Instructions to follow:
Exactly the lines from the one with "Some of the text" to the end of the listing must be repeated, both ends included, with nothing added.

Record excerpts:

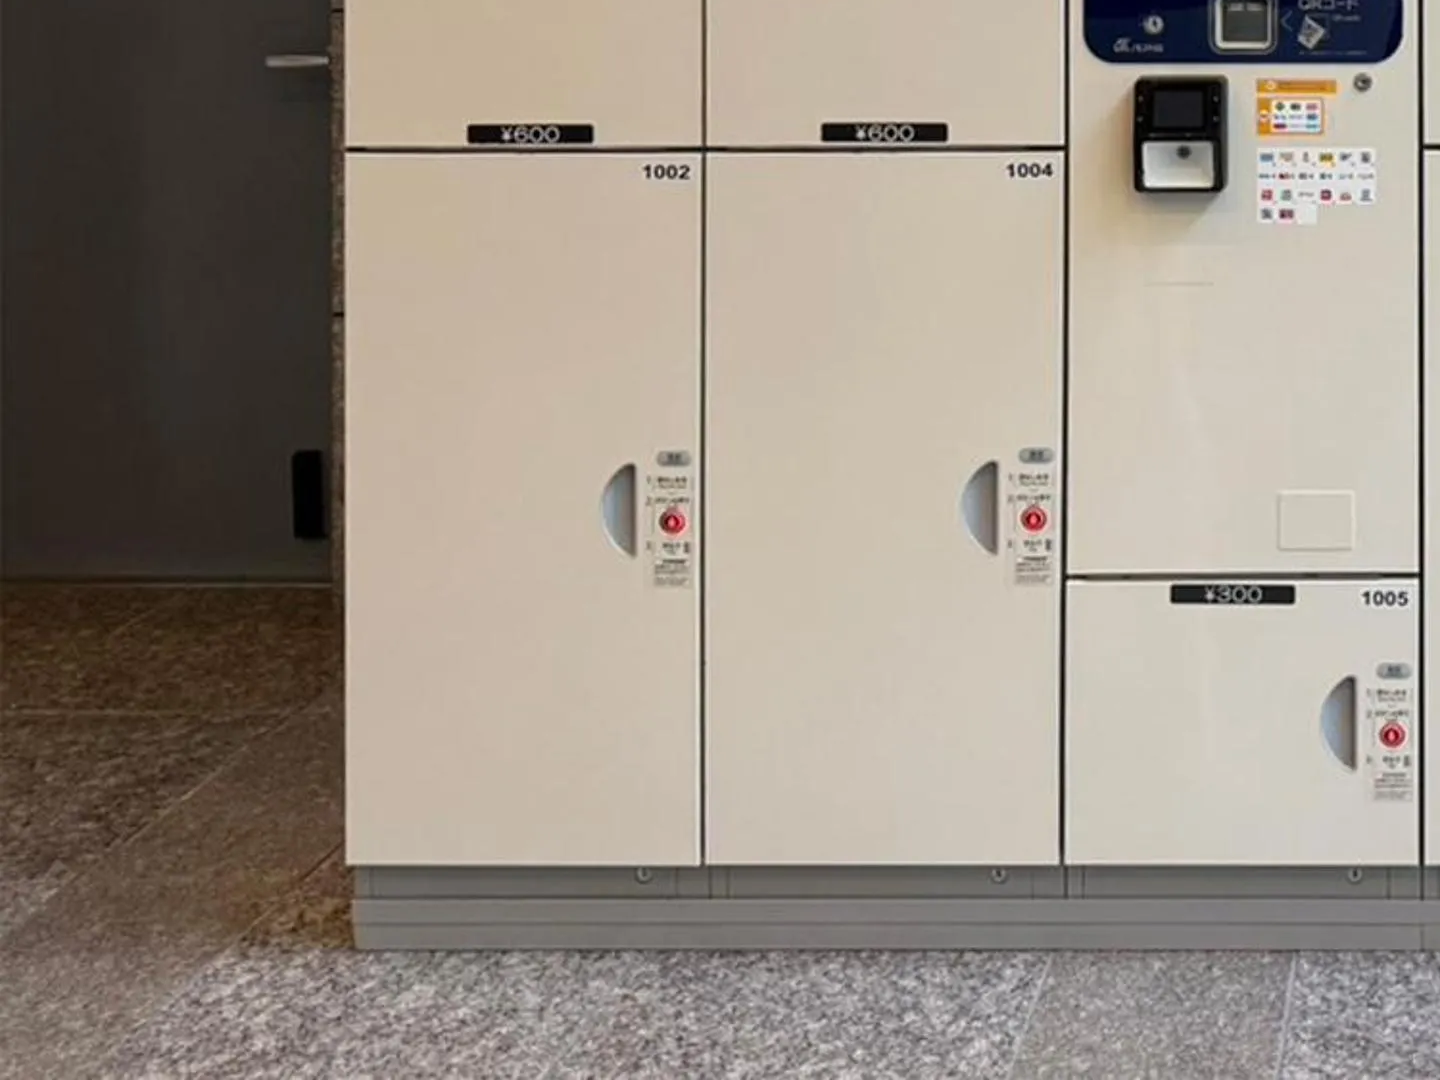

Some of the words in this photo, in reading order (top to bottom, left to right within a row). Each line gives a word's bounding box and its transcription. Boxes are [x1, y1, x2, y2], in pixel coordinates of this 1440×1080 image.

[501, 126, 561, 143] ¥600
[855, 125, 915, 142] ¥600
[643, 164, 691, 180] 1002
[1006, 163, 1053, 178] 1004
[1204, 586, 1263, 603] ¥300
[1362, 590, 1409, 607] 1005
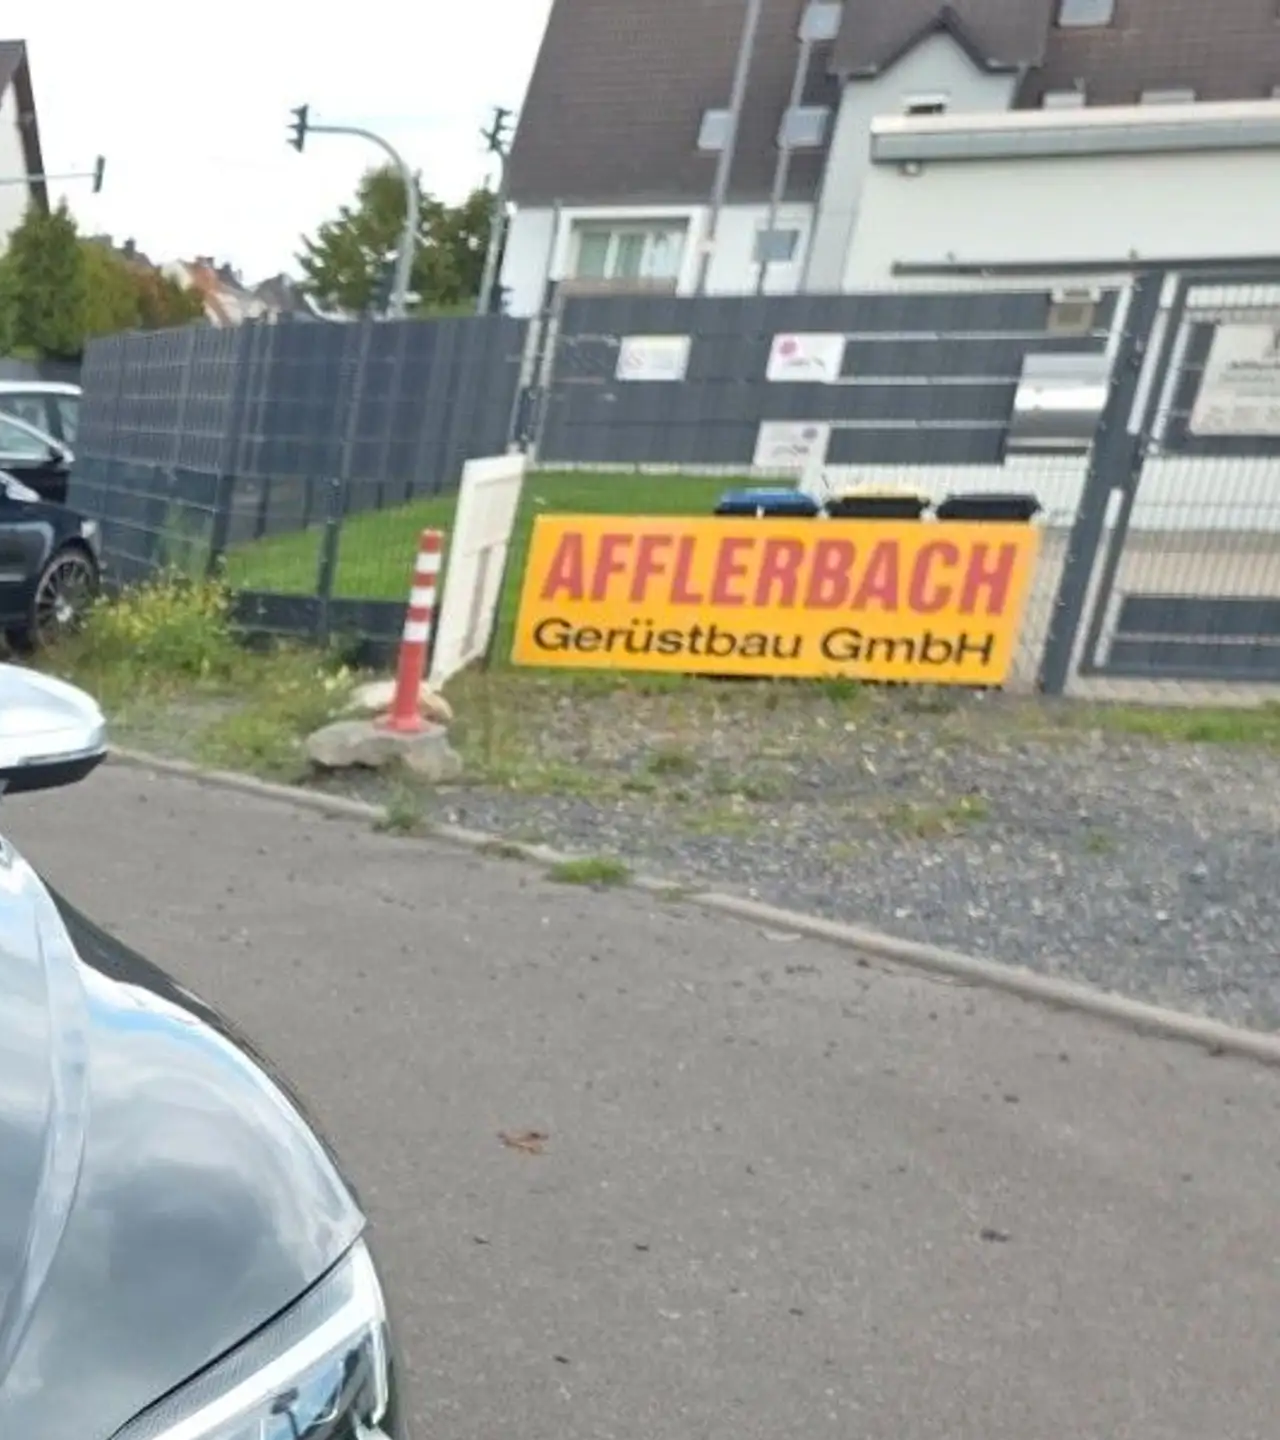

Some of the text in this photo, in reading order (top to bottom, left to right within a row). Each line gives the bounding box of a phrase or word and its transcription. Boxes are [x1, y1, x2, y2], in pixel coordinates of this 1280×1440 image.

[540, 531, 1017, 617] AFFLERBACH
[533, 617, 995, 666] Gerüstbau GmbH

Response box:
Some of the text in this photo, in reading order (top to bottom, left to right within a row). Each line gives the bounding box of a phrase or word and its transcription. Boxes are [x1, y1, x2, y2], in pixel coordinates of this 1280×1440 image.

[540, 531, 1017, 617] AFFLERBACH
[533, 617, 995, 666] Gerüstbau GmbH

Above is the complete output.